On Jan. 22, 1959, 12 men died in a cold watery grave and 33 others barely escaped with their lives when the Susquehanna River poured into the mine after a roof collapsed. Historians agree the disaster occurred because the Knox Mine Co. dug shafts farther out under the river than it was supposed to.
“It’s important to remember how the miners of this area suffered,” said the Rev. Peter Tomczak, assistant pastor at St. John the Evangelist Church in Pittston, who spoke at the ceremony. A memorial Mass service was held at St. John’s earlier in the day.
“They risked their lives every day to support their families,” he said. “Many of us who grew up in this area realize what they went through.”
“Those who were around that day will never forget the disaster and the efforts to rescue the lost miners,” he said.
Participants at the event included Bill Best, president of the Huber Breaker Preservation Society; Ron Faraday, president of the Greater Pittston Historical Society; Bill Hastie, co-author of a new book titled “Anthracite Labor Wars,” and other extended family members of the miners involved in the tragedy.

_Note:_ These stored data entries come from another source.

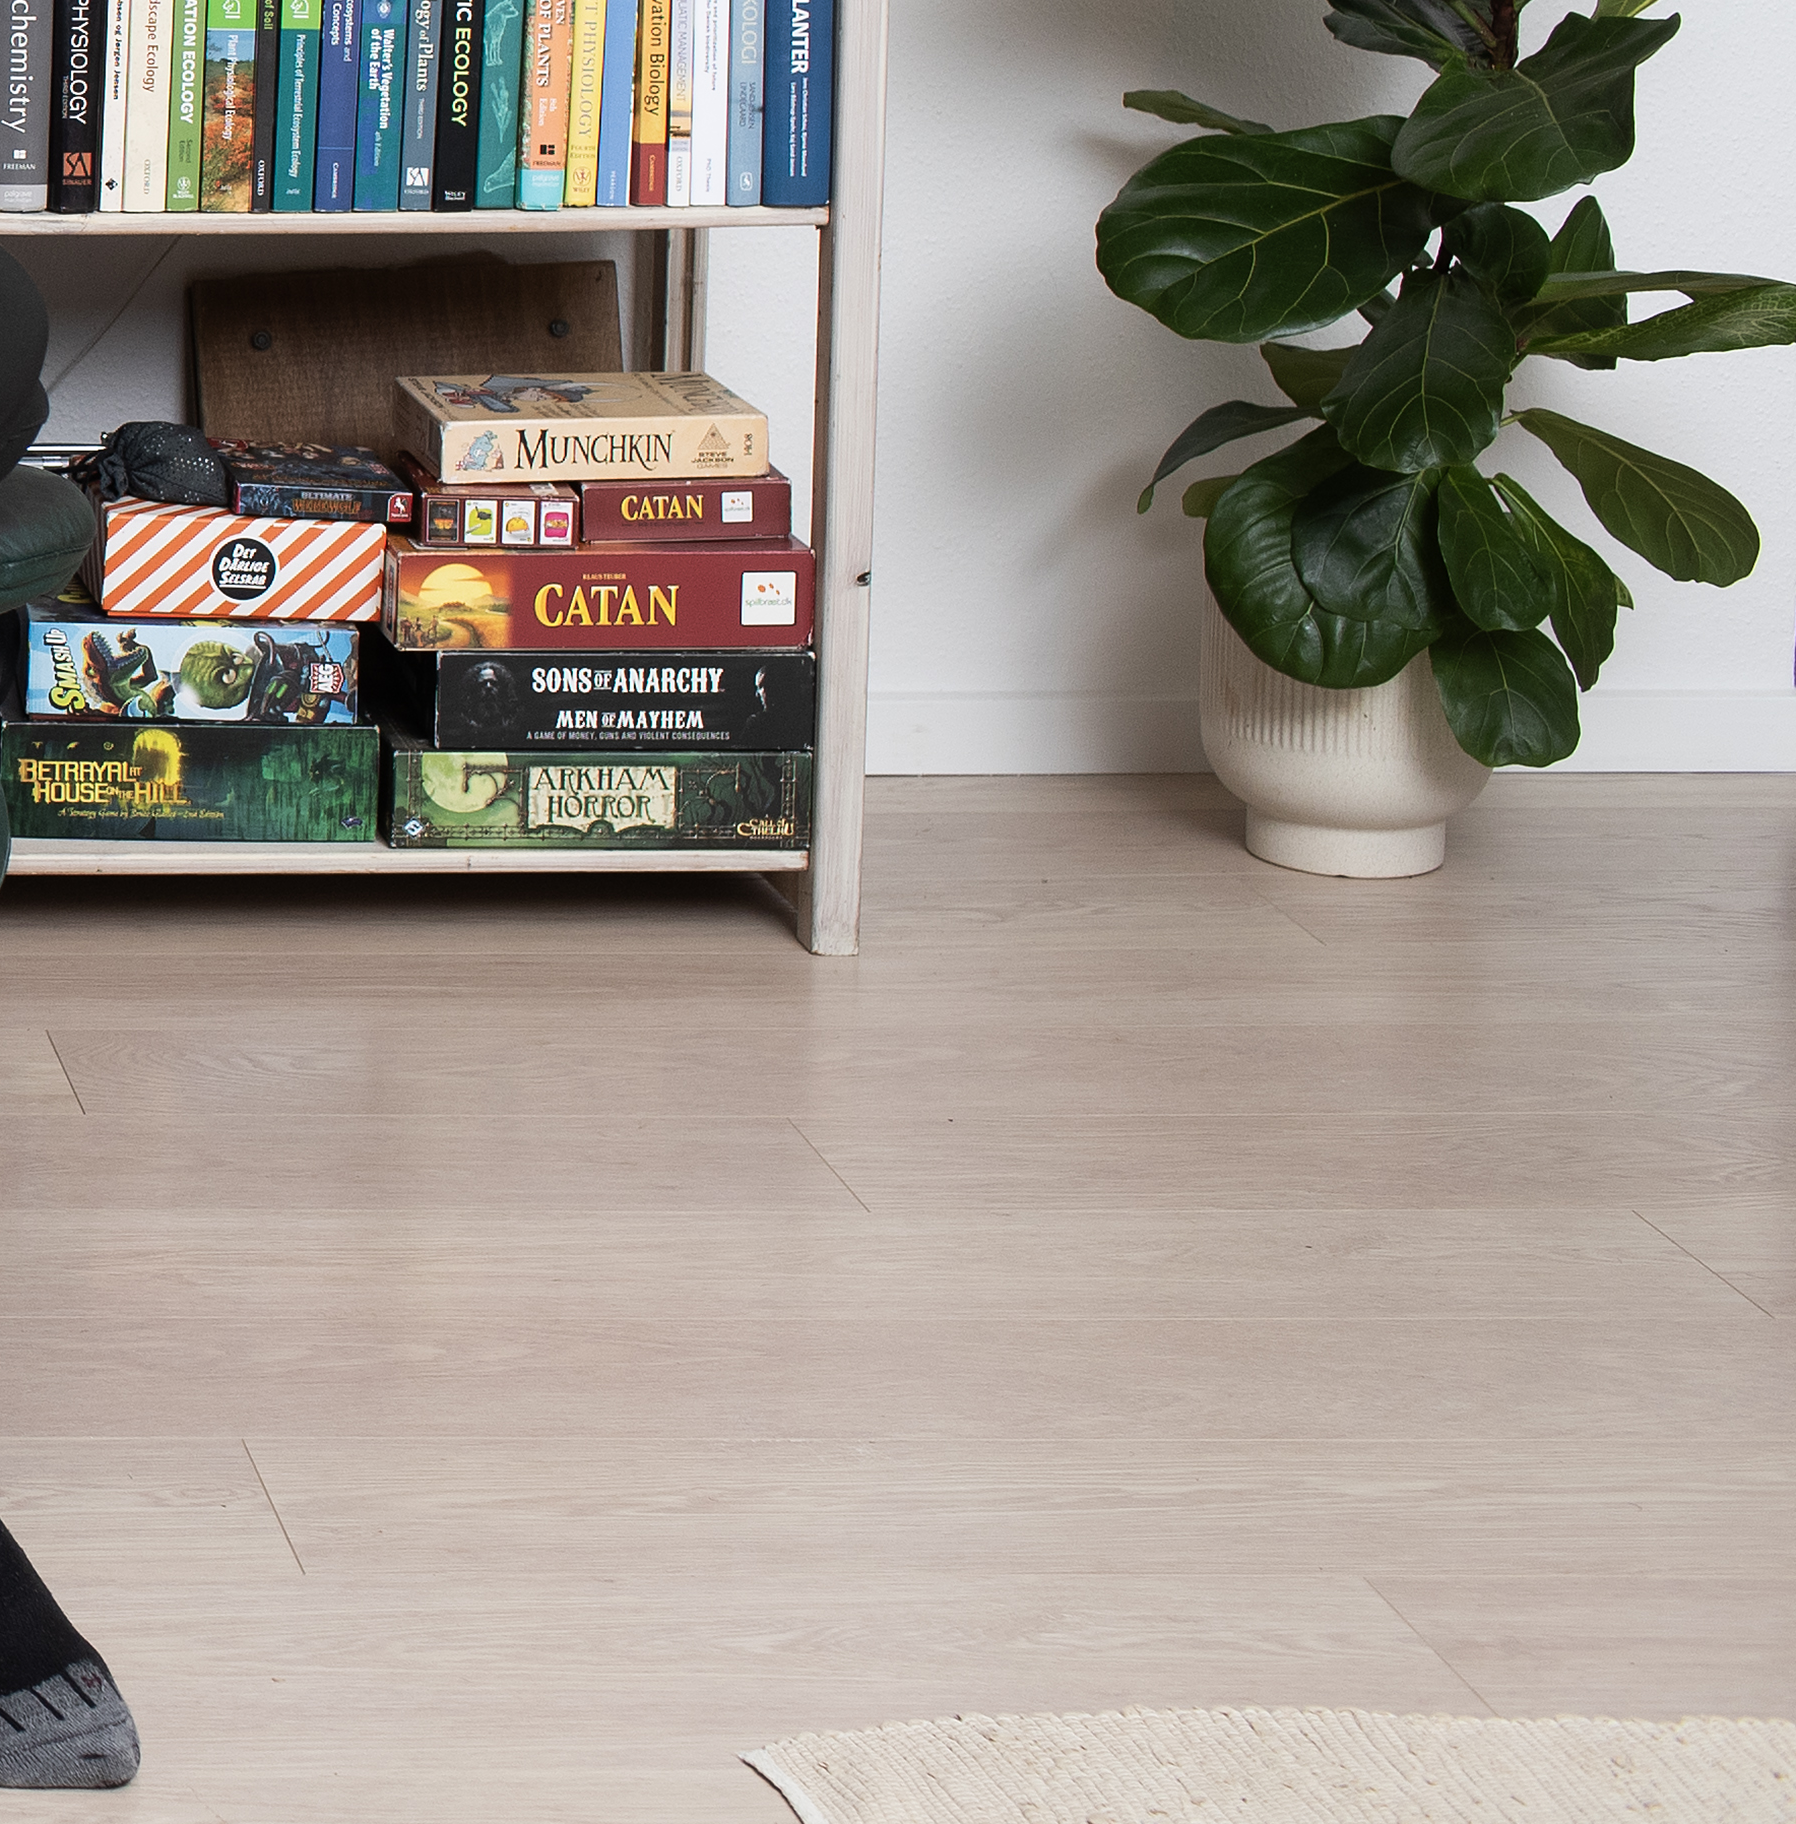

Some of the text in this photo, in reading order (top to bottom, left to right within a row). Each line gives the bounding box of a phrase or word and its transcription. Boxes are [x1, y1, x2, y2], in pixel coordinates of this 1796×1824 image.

[180, 50, 196, 124] ECOLOGY
[450, 26, 472, 127] ECOLOGY
[644, 53, 666, 116] Biology
[515, 427, 674, 470] MUNCHKIN
[620, 495, 704, 521] CATAN
[534, 583, 679, 627] CATAN
[44, 629, 84, 711] SMASH UP
[318, 663, 334, 692] AEG
[532, 668, 723, 693] SONS OF ANARCHY
[555, 710, 703, 729] MEN OF MAYHEM
[18, 758, 133, 784] BETRAYAL
[534, 768, 670, 794] ARKHAM
[32, 781, 108, 804] HOUSE
[547, 795, 656, 822] HORROR

Back then, the families of the men who died were left without a way to support their households, said Hastie. They had to struggle after losing their primary breadwinners.
Only after an extended period of legal wrangling did some families get a very small amount of compensation for what they went through, he said.

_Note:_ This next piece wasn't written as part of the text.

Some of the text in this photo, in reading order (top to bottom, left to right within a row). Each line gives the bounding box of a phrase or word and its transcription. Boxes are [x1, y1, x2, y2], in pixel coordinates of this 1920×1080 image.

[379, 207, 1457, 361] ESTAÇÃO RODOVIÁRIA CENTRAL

The Baloga family, which owns the funeral home, where the commemorative event is held each year, has close connections to the event. John Baloga was one of the miners who died.
There is a Knox Mine Memorial placed in front of the funeral home, which is located a short distance from the actual disaster site.
Hastie said the Knox Mine Disaster resulted from careless “subcontracting” by the Pennsylvania Coal Co., which employed more than 12,000 workers in its heyday.
The subcontracting allowed the company to break away from union employees and gave them the ability to push immigrant workers into unsafe working conditions, he said.
Hastie pointed out the last one of the 33 rescued miners, Bucky Mazur, passed away within the last year.
It is important to keep the memories of these strong willed and hard working people alive, he said.
The disaster marked the end of deep mining in Northeastern Pennsylvania, he said.